### PROBLEM DESCRIPTION
Provide the material again, with every line intact and exact.

== AVAILABLE DATA

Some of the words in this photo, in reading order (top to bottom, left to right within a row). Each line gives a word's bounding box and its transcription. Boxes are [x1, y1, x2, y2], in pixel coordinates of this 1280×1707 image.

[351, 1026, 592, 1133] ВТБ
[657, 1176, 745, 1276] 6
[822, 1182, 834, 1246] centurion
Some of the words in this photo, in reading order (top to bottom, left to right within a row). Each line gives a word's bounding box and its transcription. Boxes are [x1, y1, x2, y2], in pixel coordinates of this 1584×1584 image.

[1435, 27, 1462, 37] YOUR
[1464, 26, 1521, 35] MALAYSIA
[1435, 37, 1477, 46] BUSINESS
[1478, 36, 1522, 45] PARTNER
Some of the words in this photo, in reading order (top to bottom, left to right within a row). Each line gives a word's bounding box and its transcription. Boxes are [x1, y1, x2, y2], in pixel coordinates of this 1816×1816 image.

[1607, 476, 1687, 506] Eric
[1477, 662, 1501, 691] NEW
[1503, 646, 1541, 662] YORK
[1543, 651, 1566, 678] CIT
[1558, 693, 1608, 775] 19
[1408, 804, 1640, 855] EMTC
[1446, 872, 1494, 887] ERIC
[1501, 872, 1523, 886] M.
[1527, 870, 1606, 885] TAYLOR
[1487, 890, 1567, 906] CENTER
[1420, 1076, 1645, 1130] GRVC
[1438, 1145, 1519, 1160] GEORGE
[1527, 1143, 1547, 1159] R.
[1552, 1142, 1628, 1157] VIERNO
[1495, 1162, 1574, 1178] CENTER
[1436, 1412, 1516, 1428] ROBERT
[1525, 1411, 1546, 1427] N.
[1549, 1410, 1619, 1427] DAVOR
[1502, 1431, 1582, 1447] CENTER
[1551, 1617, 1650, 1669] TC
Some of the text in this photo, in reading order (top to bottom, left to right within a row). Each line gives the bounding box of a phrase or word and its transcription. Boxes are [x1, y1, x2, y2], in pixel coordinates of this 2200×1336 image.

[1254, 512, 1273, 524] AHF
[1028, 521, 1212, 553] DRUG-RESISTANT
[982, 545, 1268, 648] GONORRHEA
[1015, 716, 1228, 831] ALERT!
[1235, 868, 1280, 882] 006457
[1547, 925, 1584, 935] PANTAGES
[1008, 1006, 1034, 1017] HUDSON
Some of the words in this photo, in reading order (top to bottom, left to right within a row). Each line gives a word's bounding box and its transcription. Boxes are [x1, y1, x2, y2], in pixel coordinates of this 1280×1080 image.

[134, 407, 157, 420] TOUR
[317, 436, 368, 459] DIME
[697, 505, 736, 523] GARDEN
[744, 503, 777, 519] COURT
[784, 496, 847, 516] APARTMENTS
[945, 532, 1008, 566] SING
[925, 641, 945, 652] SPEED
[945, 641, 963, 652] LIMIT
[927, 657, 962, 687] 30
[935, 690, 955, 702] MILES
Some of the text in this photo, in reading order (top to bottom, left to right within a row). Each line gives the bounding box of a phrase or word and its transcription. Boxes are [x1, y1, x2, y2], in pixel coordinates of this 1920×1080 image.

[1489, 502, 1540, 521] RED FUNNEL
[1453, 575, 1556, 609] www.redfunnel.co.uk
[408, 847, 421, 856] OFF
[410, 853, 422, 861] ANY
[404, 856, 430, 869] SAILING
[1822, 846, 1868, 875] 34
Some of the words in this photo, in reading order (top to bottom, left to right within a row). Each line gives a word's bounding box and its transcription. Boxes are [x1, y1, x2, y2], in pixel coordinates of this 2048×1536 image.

====

### REPLY TO THE EXERCISE
Some of the words in this photo, in reading order (top to bottom, left to right within a row). Each line gives a word's bounding box and its transcription. Boxes are [x1, y1, x2, y2], in pixel coordinates of this 1280×1707 image.

[351, 1026, 592, 1133] ВТБ
[657, 1176, 745, 1276] 6
[822, 1182, 834, 1246] centurion
Some of the words in this photo, in reading order (top to bottom, left to right within a row). Each line gives a word's bounding box and its transcription. Boxes are [x1, y1, x2, y2], in pixel coordinates of this 1584×1584 image.

[1435, 27, 1462, 37] YOUR
[1464, 26, 1521, 35] MALAYSIA
[1435, 37, 1477, 46] BUSINESS
[1478, 36, 1522, 45] PARTNER
Some of the words in this photo, in reading order (top to bottom, left to right within a row). Each line gives a word's bounding box and its transcription. Boxes are [x1, y1, x2, y2], in pixel coordinates of this 1816×1816 image.

[1607, 476, 1687, 506] Eric
[1477, 662, 1501, 691] NEW
[1503, 646, 1541, 662] YORK
[1543, 651, 1566, 678] CIT
[1558, 693, 1608, 775] 19
[1408, 804, 1640, 855] EMTC
[1446, 872, 1494, 887] ERIC
[1501, 872, 1523, 886] M.
[1527, 870, 1606, 885] TAYLOR
[1487, 890, 1567, 906] CENTER
[1420, 1076, 1645, 1130] GRVC
[1438, 1145, 1519, 1160] GEORGE
[1527, 1143, 1547, 1159] R.
[1552, 1142, 1628, 1157] VIERNO
[1495, 1162, 1574, 1178] CENTER
[1436, 1412, 1516, 1428] ROBERT
[1525, 1411, 1546, 1427] N.
[1549, 1410, 1619, 1427] DAVOR
[1502, 1431, 1582, 1447] CENTER
[1551, 1617, 1650, 1669] TC
Some of the text in this photo, in reading order (top to bottom, left to right within a row). Each line gives the bounding box of a phrase or word and its transcription. Boxes are [x1, y1, x2, y2], in pixel coordinates of this 2200×1336 image.

[1254, 512, 1273, 524] AHF
[1028, 521, 1212, 553] DRUG-RESISTANT
[982, 545, 1268, 648] GONORRHEA
[1015, 716, 1228, 831] ALERT!
[1235, 868, 1280, 882] 006457
[1547, 925, 1584, 935] PANTAGES
[1008, 1006, 1034, 1017] HUDSON
Some of the words in this photo, in reading order (top to bottom, left to right within a row). Each line gives a word's bounding box and its transcription. Boxes are [x1, y1, x2, y2], in pixel coordinates of this 1280×1080 image.

[134, 407, 157, 420] TOUR
[317, 436, 368, 459] DIME
[697, 505, 736, 523] GARDEN
[744, 503, 777, 519] COURT
[784, 496, 847, 516] APARTMENTS
[945, 532, 1008, 566] SING
[925, 641, 945, 652] SPEED
[945, 641, 963, 652] LIMIT
[927, 657, 962, 687] 30
[935, 690, 955, 702] MILES
Some of the text in this photo, in reading order (top to bottom, left to right within a row). Each line gives the bounding box of a phrase or word and its transcription. Boxes are [x1, y1, x2, y2], in pixel coordinates of this 1920×1080 image.

[1489, 502, 1540, 521] RED FUNNEL
[1453, 575, 1556, 609] www.redfunnel.co.uk
[408, 847, 421, 856] OFF
[410, 853, 422, 861] ANY
[404, 856, 430, 869] SAILING
[1822, 846, 1868, 875] 34
Some of the words in this photo, in reading order (top to bottom, left to right within a row). Each line gives a word's bounding box and its transcription. Boxes are [x1, y1, x2, y2], in pixel coordinates of this 2048×1536 image.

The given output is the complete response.